Hamid Rahim Sheikh, UT Austin, 8/26/03

An Information Theoretic Criterion for Image Quality Assessment


Measurement of quality is of fundamental importance for numerous image and video processing algorithms. The goal of Quality Assessment (QA) research is to design algorithms that can automatically assess the quality of images or videos in a perceptually consistent manner. Traditionally, image QA algorithms interpret image quality as fidelity or similarity with a `reference' or `perfect' image in some perceptual space. Such `Full-Reference' (FR) QA methods attempt to achieve consistency in quality prediction by modelling salient physiological and psychovisual features of the Human Visual System (HVS), or by arbitrary, albeit motivated, mathematical criteria. In this talk I will present my approach to the problem of image QA by proposing an information fidelity criterion that is based on Natural Scene Statistics.

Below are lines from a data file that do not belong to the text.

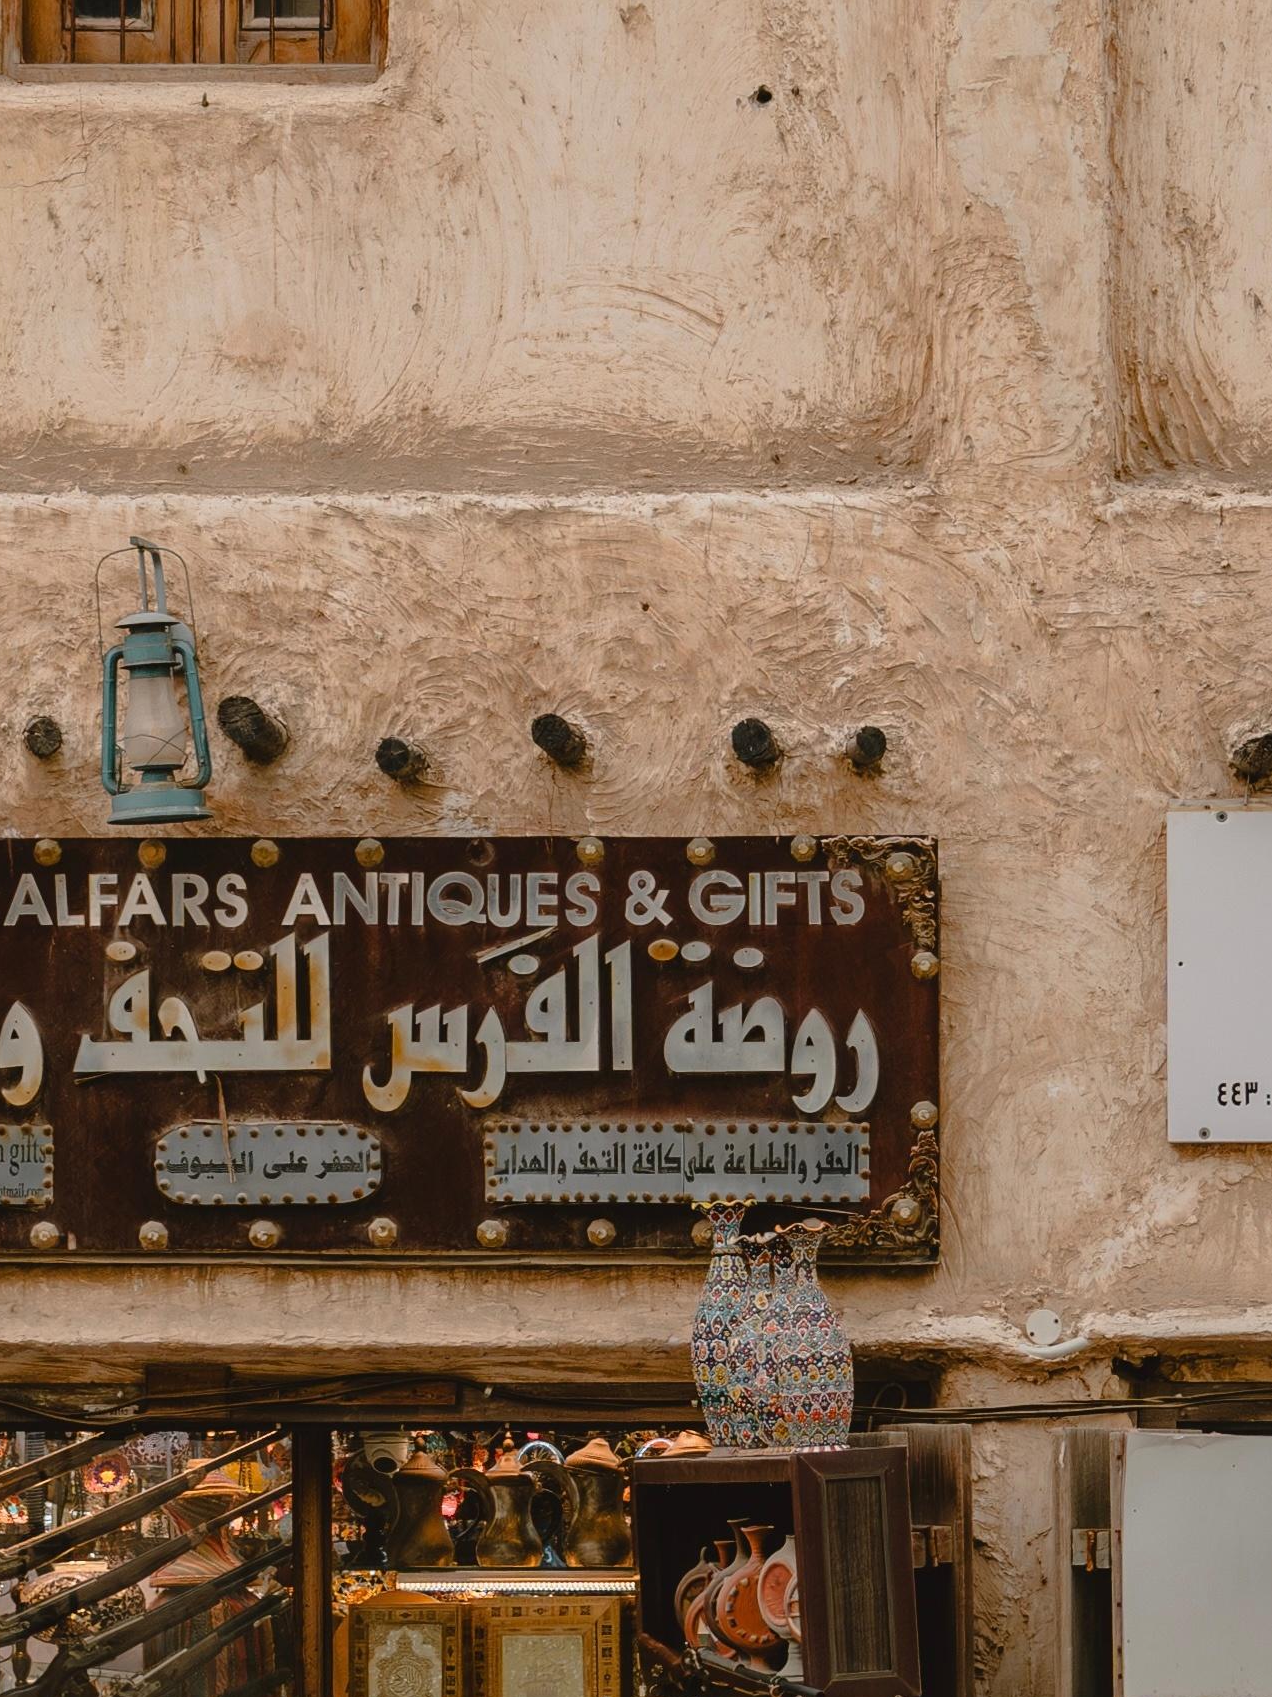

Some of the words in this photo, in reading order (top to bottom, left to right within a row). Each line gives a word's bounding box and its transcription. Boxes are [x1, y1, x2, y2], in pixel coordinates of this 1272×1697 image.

[3, 872, 249, 928] ALFARS
[281, 871, 601, 928] ANTIQUES
[625, 870, 673, 927] &
[688, 870, 866, 927] GIFTS
[72, 931, 332, 1085] للتحف
[647, 938, 880, 1114] روضة
[1216, 1081, 1259, 1107] ٤٤٣
[8, 1132, 47, 1177] gifts
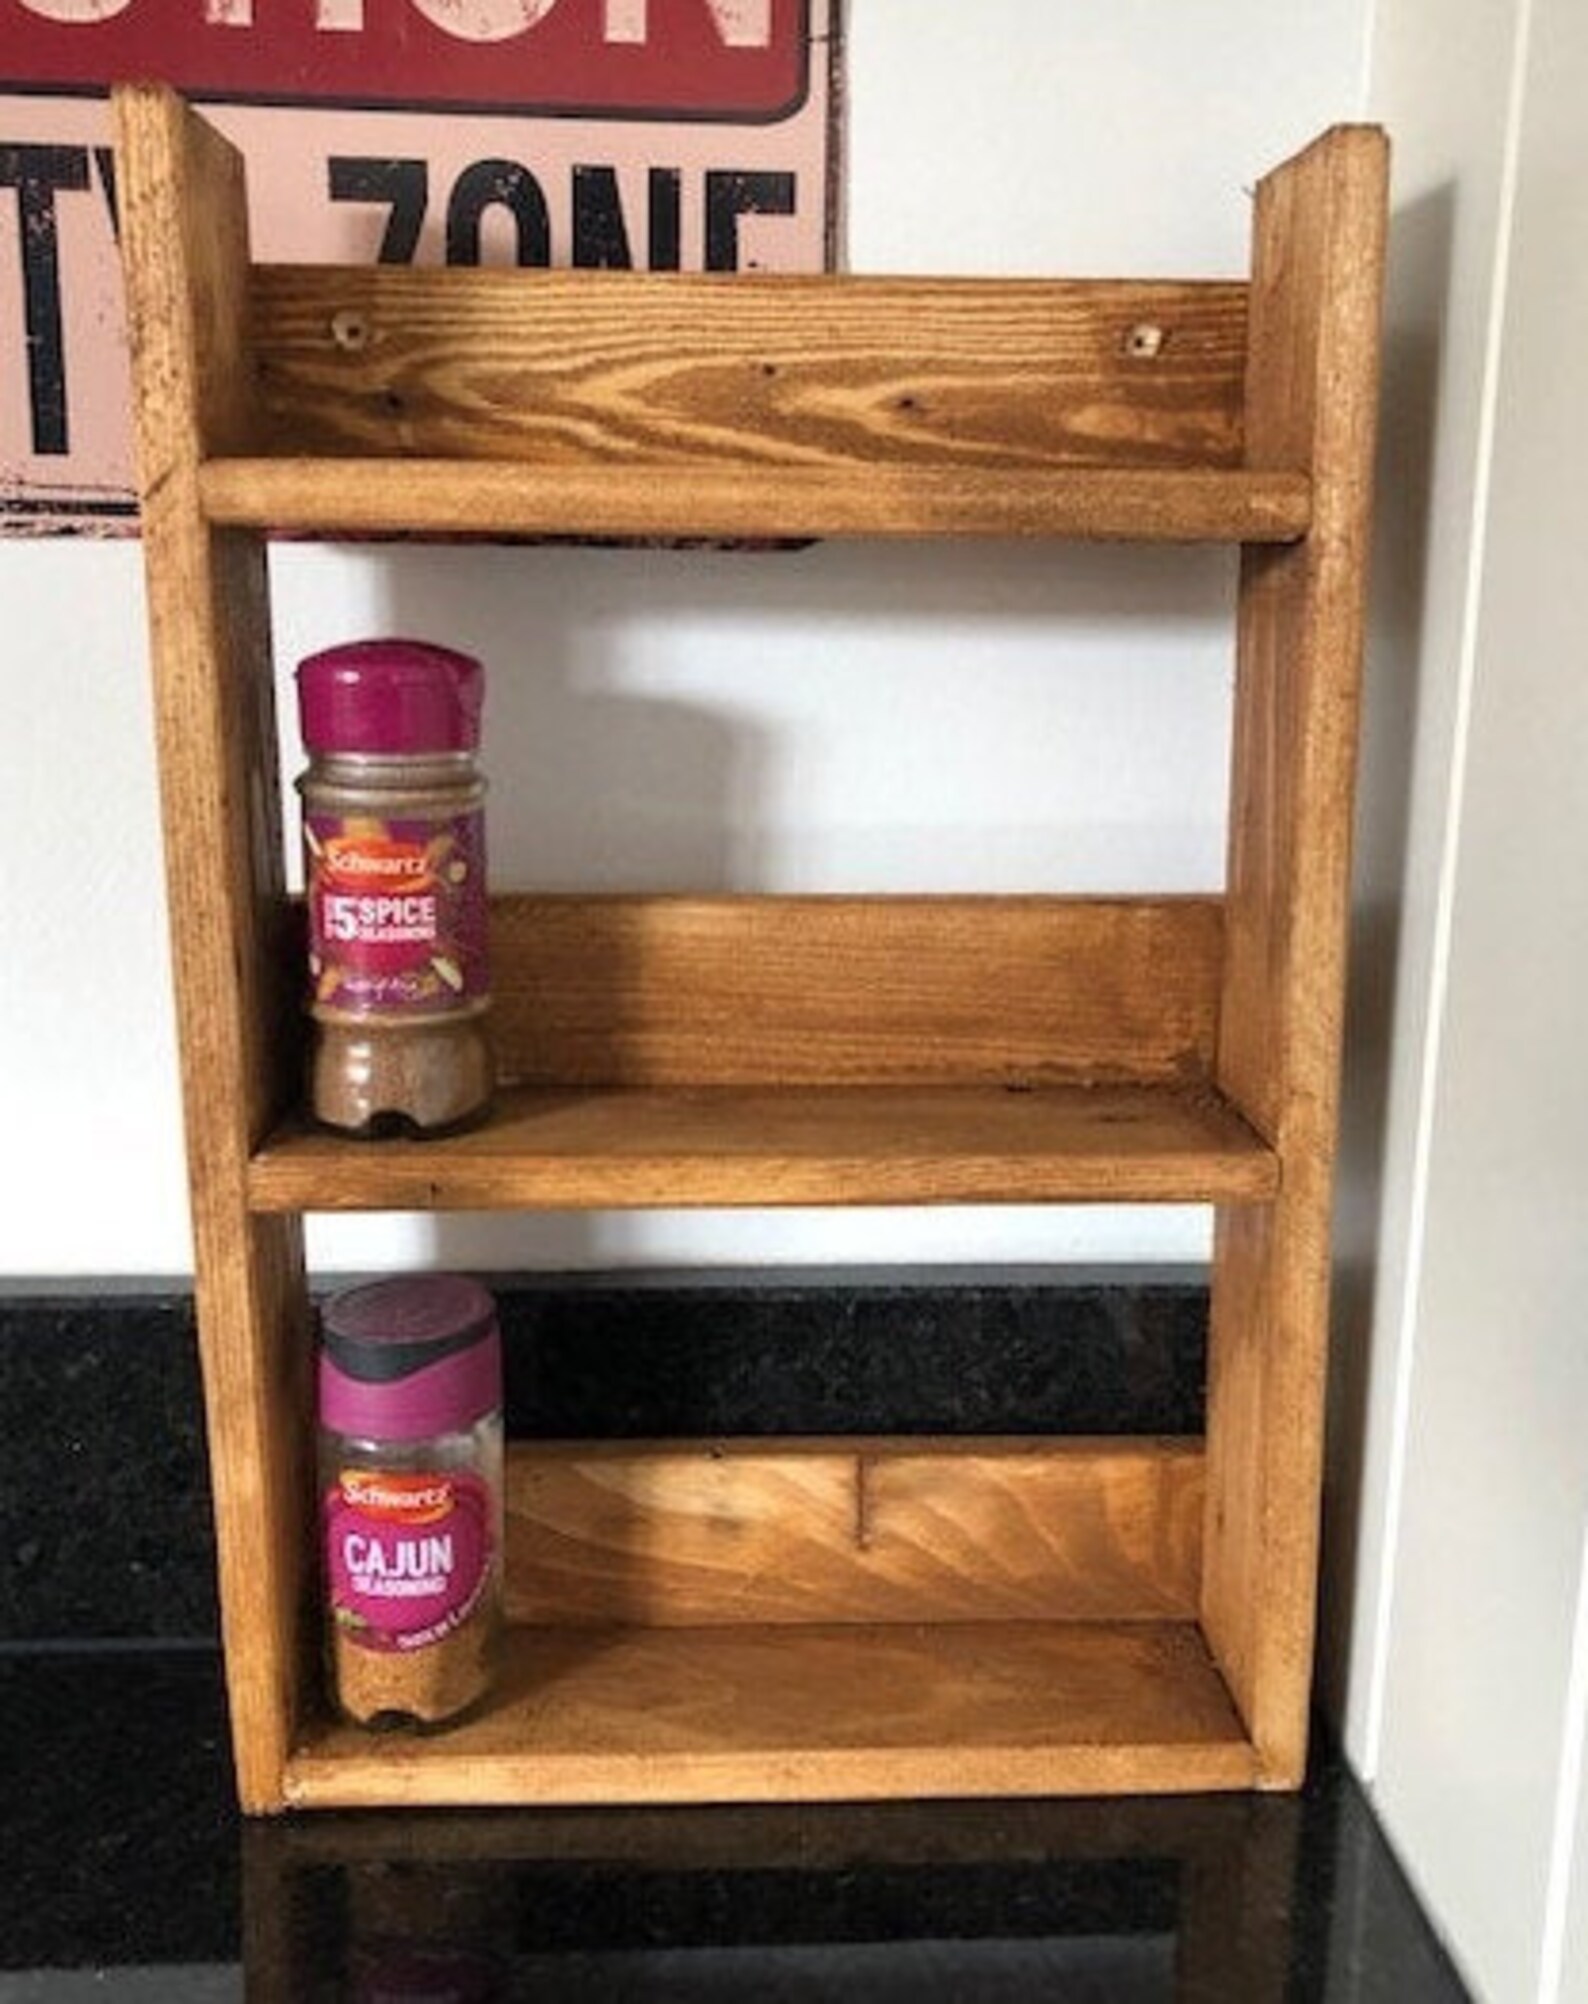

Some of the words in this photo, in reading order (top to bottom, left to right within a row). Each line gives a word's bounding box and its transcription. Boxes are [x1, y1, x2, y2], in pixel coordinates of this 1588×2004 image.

QA systems are invariably involved with judging the visual quality of images and videos that are meant for `human consumption'. Researchers have developed sophisticated models to capture the statistics of natural signals, that is, pictures and videos of the visual environment. Using these statistical models in an information-theoretic setting, I will present a QA algorithm that is not only parameterless, but also outperforms current methods. We also show that our approach from a diametrically opposite direction to traditional HVS based QA methods, is functionally equivalent to them under certain conditions. I will also present results that validate the performance of the algorithm with an extensive subjective study involving about 800 images.

Bio: Hamid Rahim Sheikh is a PhD candidate at the University of Texas at Austin. He is affiliated with the Laboratory for Image and Video Engineering under the supervision of Dr. Alan C. Bovik. His research interests include quality assessment, application of HVS and NSS models to image and video processing problems, video coding, and embedded implementations.